* **Activity**
The response should hold every record from the listing that follows, verbatim, and no pictures.

* **Information provided**
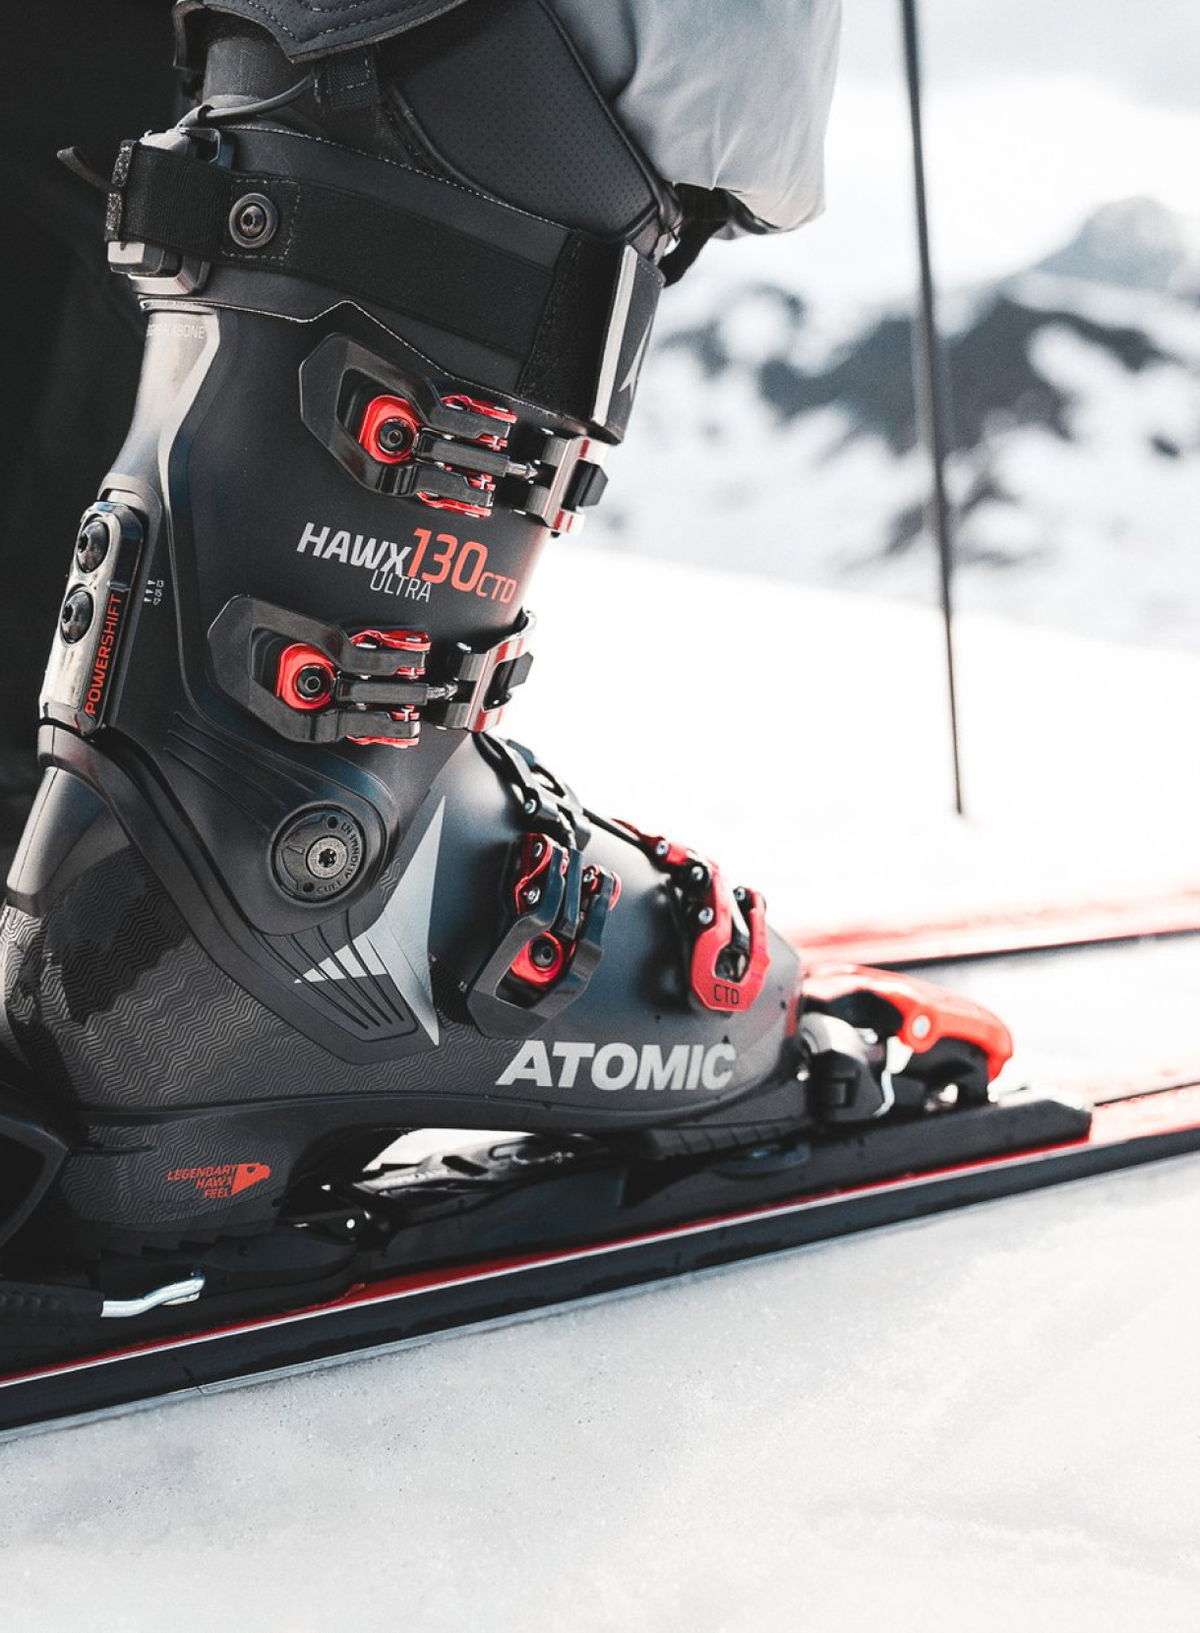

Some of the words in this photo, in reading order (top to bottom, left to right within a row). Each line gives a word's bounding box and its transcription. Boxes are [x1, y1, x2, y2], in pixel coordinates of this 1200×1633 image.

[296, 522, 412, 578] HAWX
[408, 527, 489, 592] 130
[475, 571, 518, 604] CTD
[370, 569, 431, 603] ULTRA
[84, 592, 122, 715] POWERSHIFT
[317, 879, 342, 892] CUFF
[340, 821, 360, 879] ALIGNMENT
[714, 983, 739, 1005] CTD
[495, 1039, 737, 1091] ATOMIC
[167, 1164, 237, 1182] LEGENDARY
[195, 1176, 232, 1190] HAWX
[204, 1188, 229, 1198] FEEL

* **Result**
Some of the words in this photo, in reading order (top to bottom, left to right within a row). Each line gives a word's bounding box and its transcription. Boxes are [x1, y1, x2, y2], in pixel coordinates of this 1200×1633 image.

[296, 522, 412, 578] HAWX
[408, 527, 489, 592] 130
[475, 571, 518, 604] CTD
[370, 569, 431, 603] ULTRA
[84, 592, 122, 715] POWERSHIFT
[317, 879, 342, 892] CUFF
[340, 821, 360, 879] ALIGNMENT
[714, 983, 739, 1005] CTD
[495, 1039, 737, 1091] ATOMIC
[167, 1164, 237, 1182] LEGENDARY
[195, 1176, 232, 1190] HAWX
[204, 1188, 229, 1198] FEEL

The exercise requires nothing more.